Like Edward said in the discussion among the elders: “The world moves for love. It kneels before it in awe.” The forest is kneeling before Ivy now, because it understands that she is pure of heart. (Noah’s own innocence, on the other hand, has been corrupted and his creature outfit is stuffed with branches, skins and bones, but unearned, “stolen” from the natural world.) The woods will help Ivy kill the creature, so she can free the villagers from their self-imposed prison, the imagined threat of monsters.
Alignments stretch further than just the woods, however. For now Ivy gets her wish: “I do long to do boy things, like that game the boys play at the stump. They put their backs to the woods, and see how long they can wait before getting scared. That’s so exciting.” Like the boys, she now must control her fear, or else she will jump away too quickly. The current situation is also a variation on her outstretched hand during the creature invasion – which in itself was a variation on the game: how long would she dare stand there in the doorway?
The connections to the game and the invasion are quite subtle, however, because of the very different circumstances, differing shot compositions and the nightmarish whirlwind of developments we have been subject to during the quest. (The situation also fits in with the ubiquitous hand motif, of course.)
In the last three shots, we have seen in succession the film’s three major characters – as if taking stock of the narrative – in a rhythmic way of the camera looking down (at Noah), up (at Ivy) and down (at Lucius).

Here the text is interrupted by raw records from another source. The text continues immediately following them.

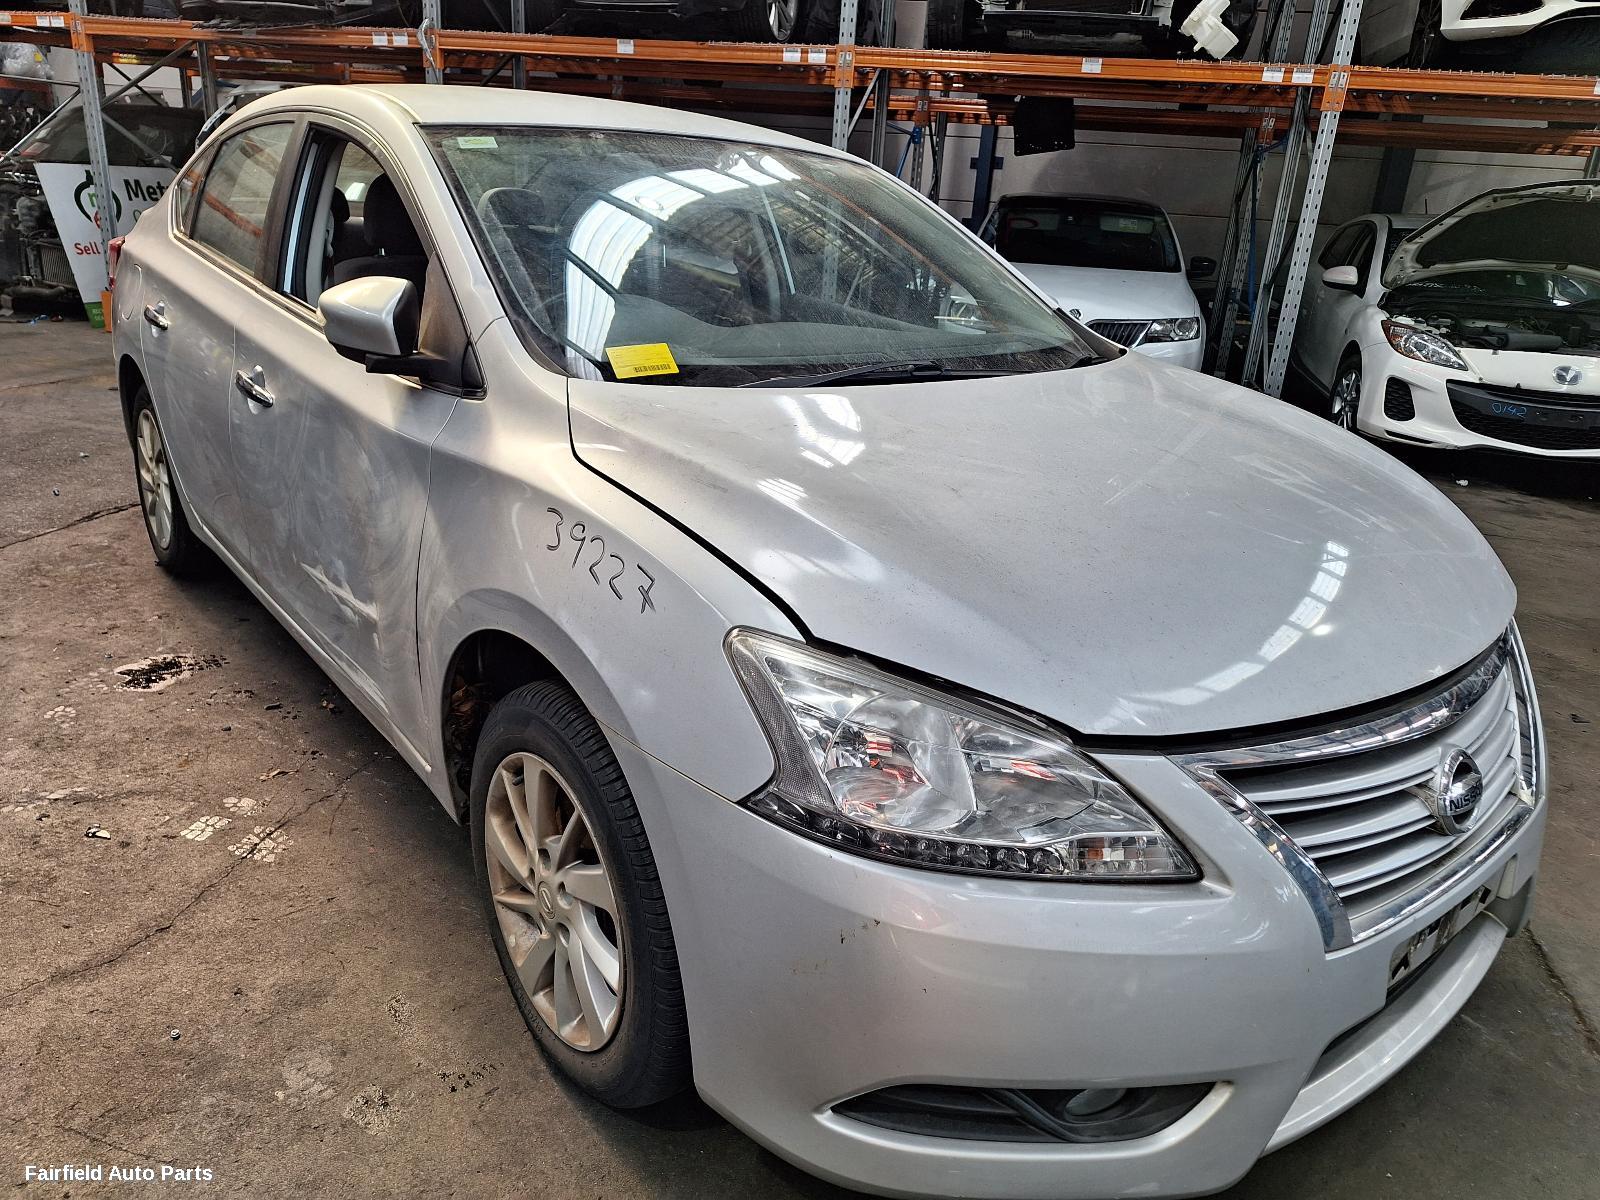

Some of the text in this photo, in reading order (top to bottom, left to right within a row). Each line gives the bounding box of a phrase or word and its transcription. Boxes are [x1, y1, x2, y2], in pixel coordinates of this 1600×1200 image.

[123, 179, 168, 201] Met
[74, 242, 101, 256] Sell
[1491, 402, 1527, 418] 0142
[546, 507, 656, 614] 39227
[1449, 787, 1481, 811] NISS

There are also a lot of whispered echoes in this small slice of film:
Is the whiteness that engulfs Lucius, like it does the survivor Ivy (who will get the medicine to save him), a foreshadowing that Lucius too will pull through? This might be another reason for the sudden reappearance of Lucius’s face, and the camera sinking down towards him. Edward Walker just said: “His will to live is very strong,” and the way everyone else falls away and the increasing emphasis on his face indicate that it is Lucius’s reserves of individual strength that will keep him alive until Ivy returns:
There is another heavy-with-meaning rectangle in The Village, also this observed from above, in the second shot of the film:
Like the pit, it is connected with darkness, death and the demise of someone’s child (and Noah is just that, a big child).

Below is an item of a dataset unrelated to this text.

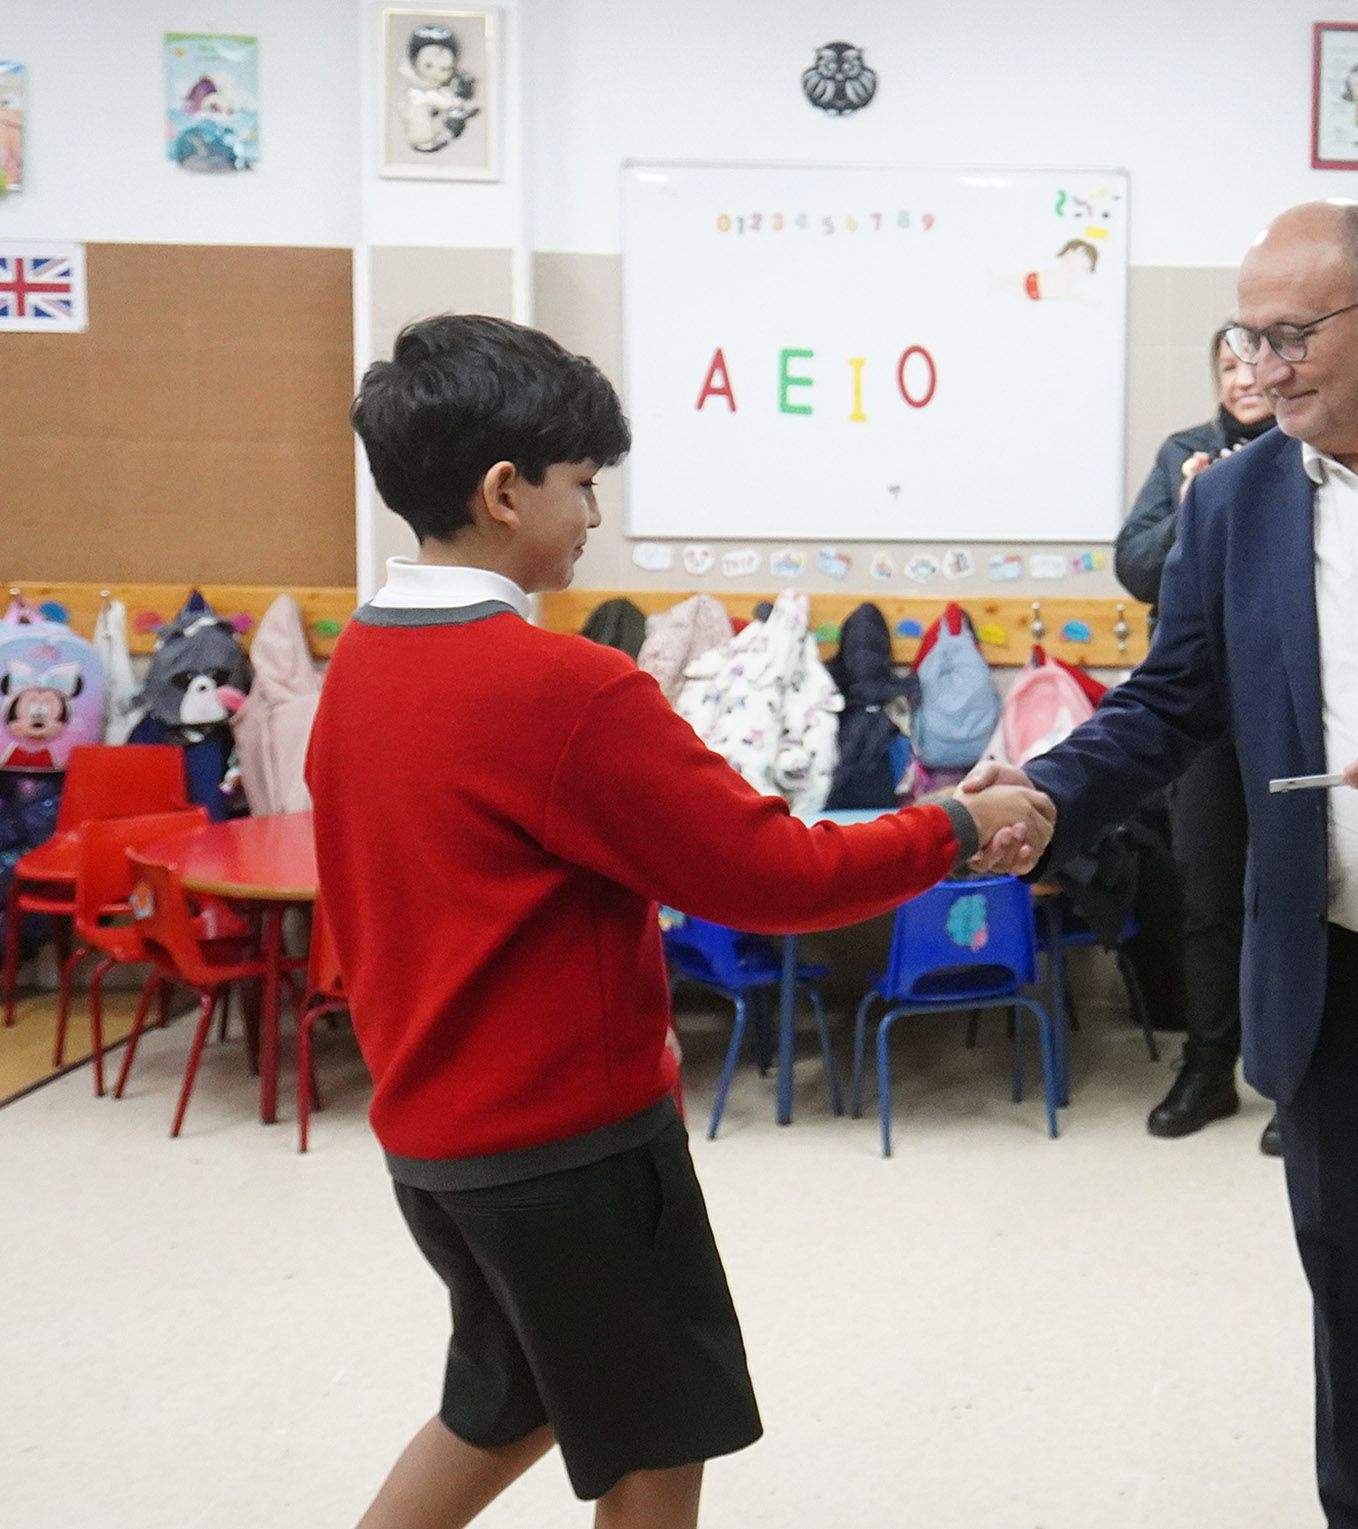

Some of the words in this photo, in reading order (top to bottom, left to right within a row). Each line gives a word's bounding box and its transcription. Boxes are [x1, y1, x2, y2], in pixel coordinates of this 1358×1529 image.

[696, 347, 736, 412] A
[779, 348, 815, 414] E
[849, 357, 867, 423] I
[896, 345, 937, 409] O

M. Night Shyamalan has a final flourish up his sleeve:
There are numerous overhead shots in the film, but these are the only ones that are combined with this ultra-stylised camera movement of descending straight down from the heavens. Here there is an especially striking contrast since August’s face is turned away. In fact, we are never allowed a proper look at anyone’s face during the funeral ceremony (this is the closest we come).
It is indeed a strange juxtaposition: a face that has been hidden for ages against a scene where faces are hidden..! (The “hopeful” white rectangle of the bed also becomes meaningful compared with the dark grave.) The worried elders around Lucius’s bed fill the roles of the onlookers during the funeral, and the camera position hides their faces, just like with the funeral gathering:
There is also a similar sense of anguish, in both cases a parent grieving over a son’s situation. Finally, there is a personal link, since Lucius is kind of a substitute son to August, as the latter once said to Lucius: “I often wondered if you and my son bonded because neither of you is fond of speaking.”
Having thus cast the net back not only to the opening scene but the initial shot, we end this particular examination of The Village.